By: Tom Ohlgren, Senior Tax Manager
The Tax Cuts and Jobs Act (“TCJA”) provides several benefits when your company buys new assets in 2018, and also contains some benefits for your 2017 tax return as well.
Immediately prior to the TCJA, taxpayers could deduct 50% of the cost of tangible personal property placed in service during the tax year, and then could apply accelerated depreciation to the remaining 50% of the cost. The new rules increase the bonus depreciation from 50% to 100% for assets (new or used (as long as the asset is new to the taxpayer)) acquired and placed into service after September 27, 2017, providing an opportunity to maximize deductions in 2017 when income was subject to a higher rate of tax.
As noted above, the TCJA expanded eligible property to include used (with some narrow exceptions) assets. This provision will be especially important for taxpayers acquiring capital-intensive businesses that are treated as asset acquisitions for tax purposes.

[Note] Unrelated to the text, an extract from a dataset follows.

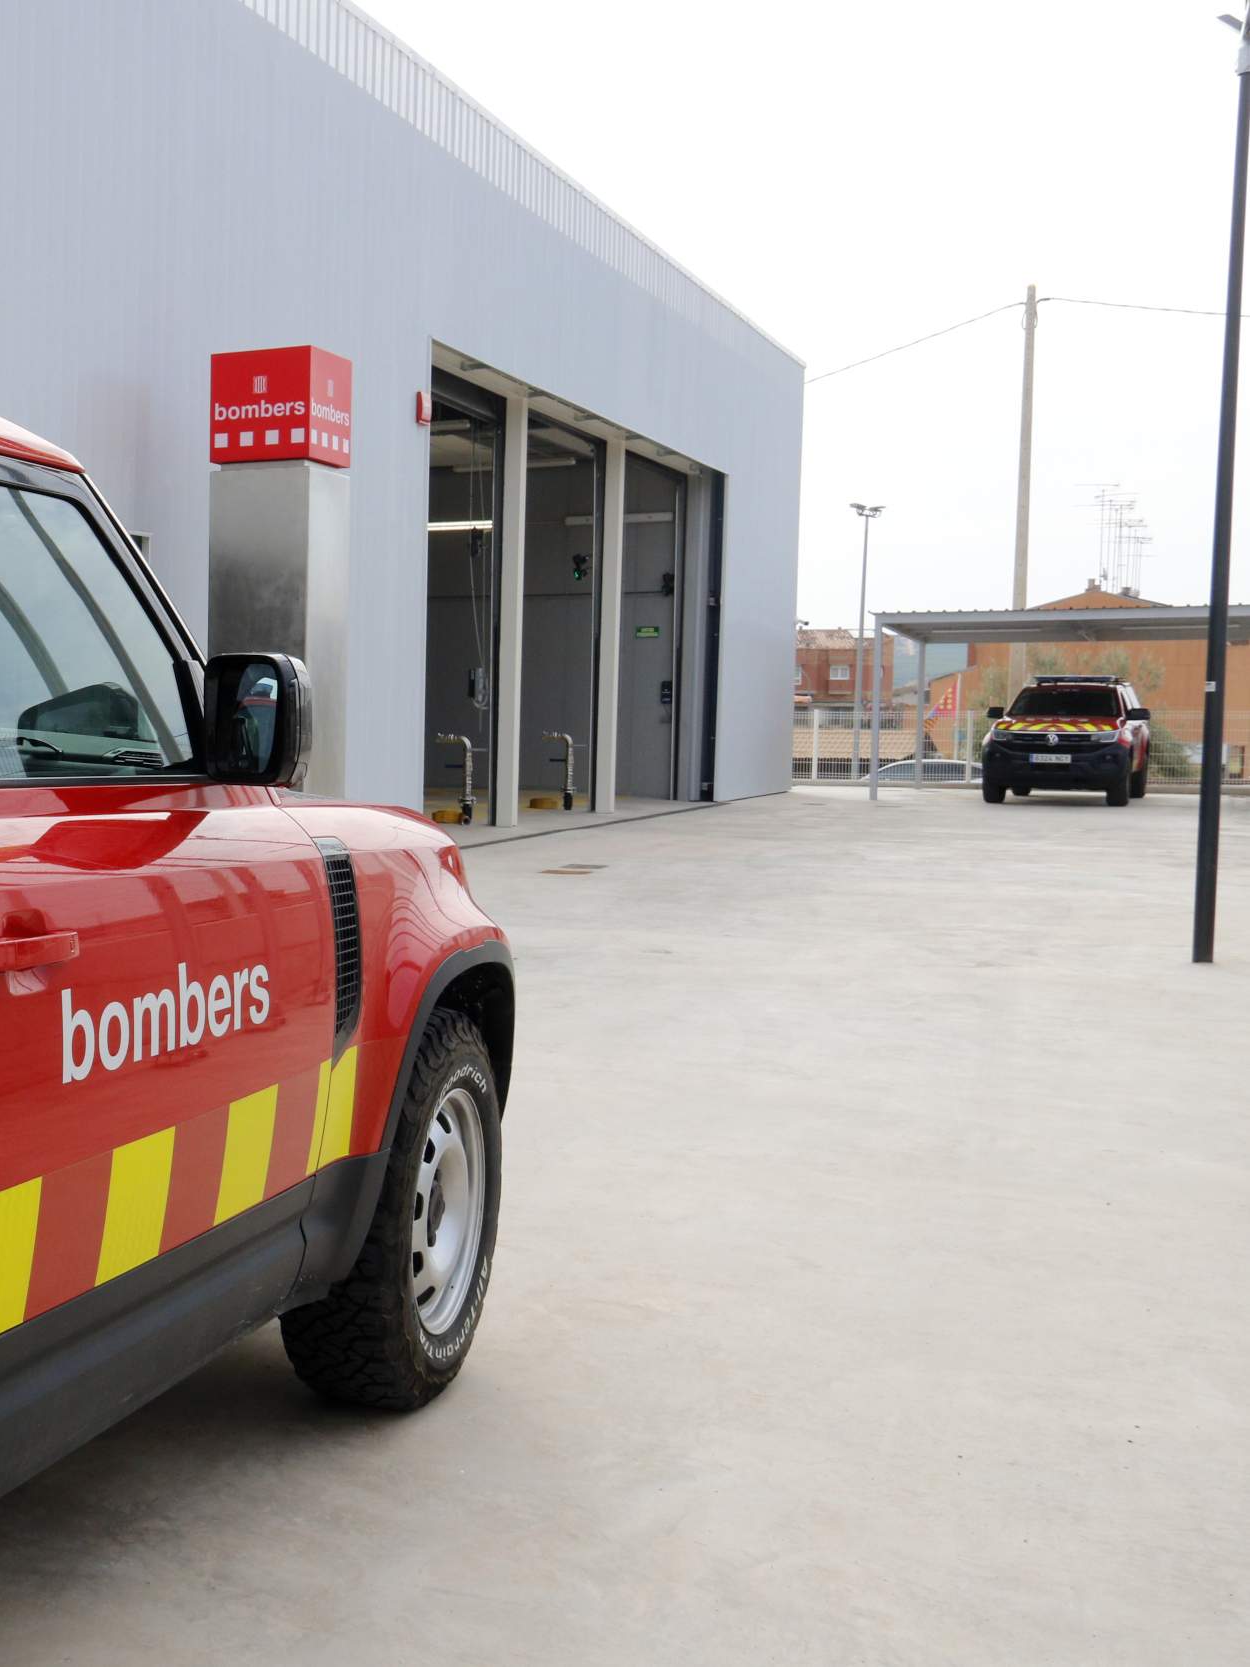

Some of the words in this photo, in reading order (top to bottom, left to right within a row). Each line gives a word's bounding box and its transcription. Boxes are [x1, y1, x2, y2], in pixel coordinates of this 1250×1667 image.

[214, 400, 306, 421] bombers
[310, 397, 350, 427] bombers
[61, 962, 270, 1084] bombers
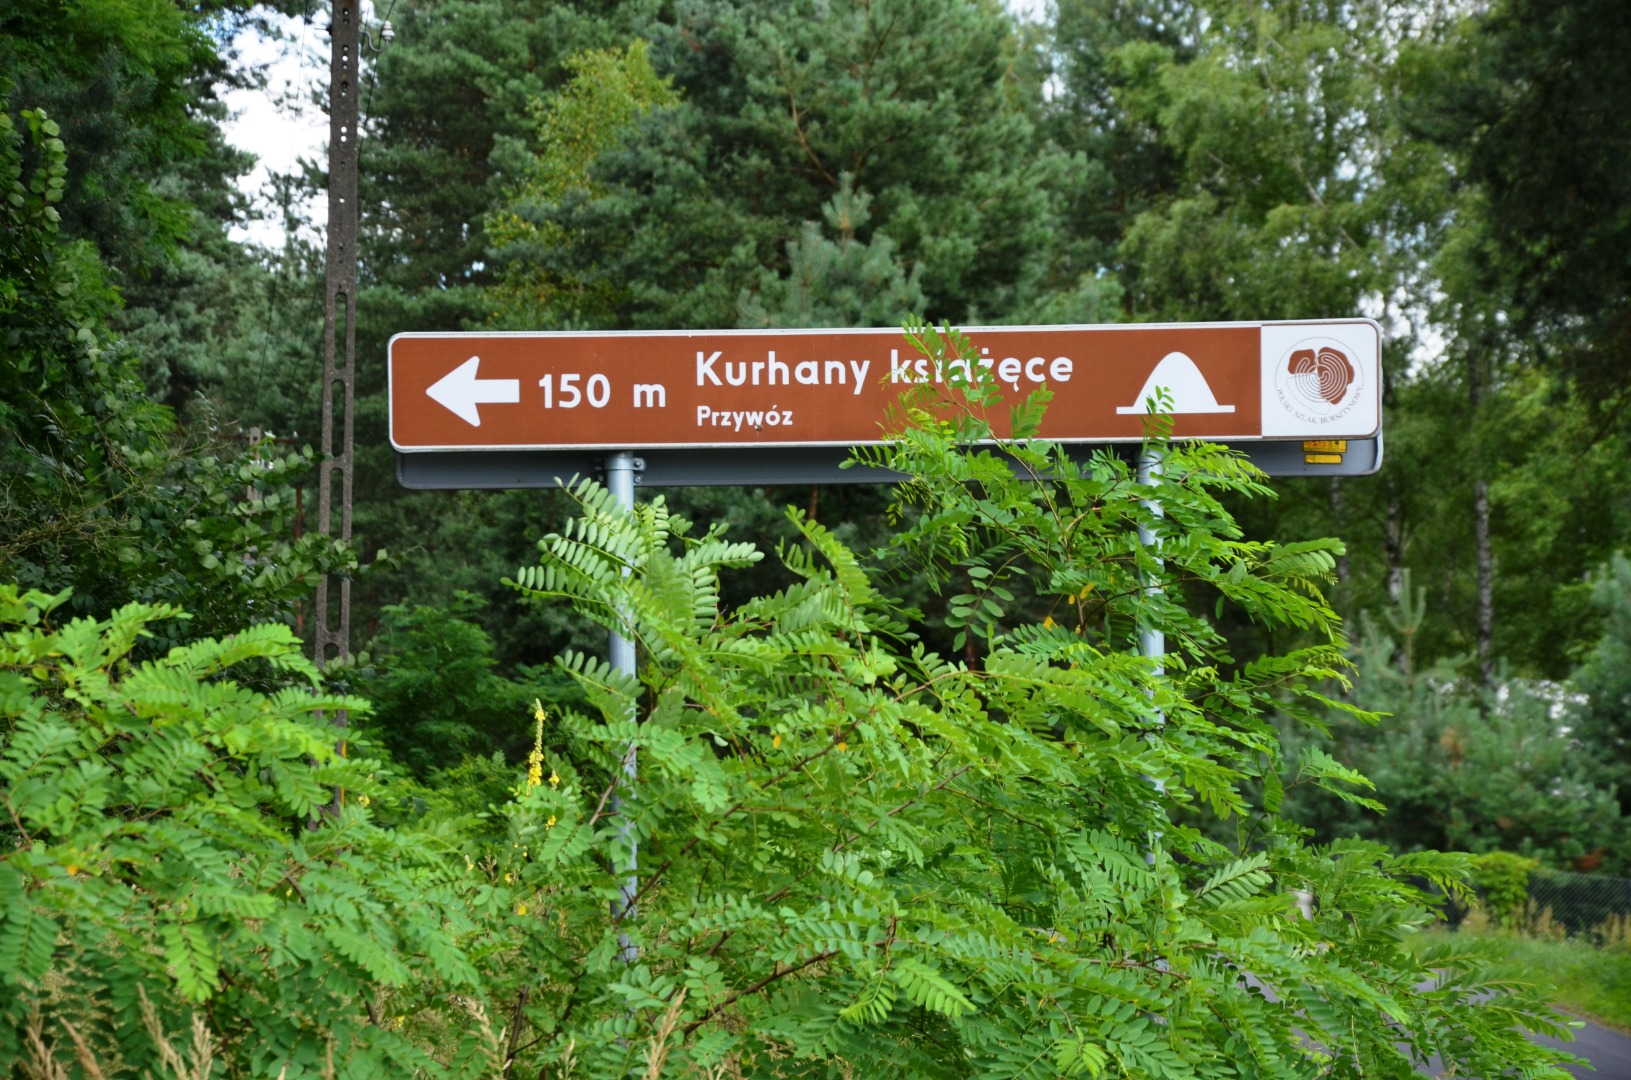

The full-expensing provision will eventually be phased out, but phase out does not begin until 2023 and decreases to 0% in 2027. As with prior bonus depreciation, taxpayers can elect out of the full expensing, and taxpayers in a loss situation may want to consider this option due to certain state limitations on bonus depreciation.
Section 179 Expensing
Immediately prior to the TCJA, taxpayers could elect to deduct the entire cost of certain property up to an annual limit of $500,000 (adjusted for inflation each year – in 2018, the amount would have been $520,000). This limit was subject to a phase-out for taxpayers exceeding a $2 million inflation-adjusted threshold of assets placed in service during the year. Under tax reform, the new annual deduction limit is $1 million (which will be inflation-adjusted after 2018), and the threshold amount of assets placed in service for phase-out has been increased to $2.5 million, expanding the availability of §179 expensing to more taxpayers. There are additional changes that expand eligible property to include some nonresidential building improvements as well.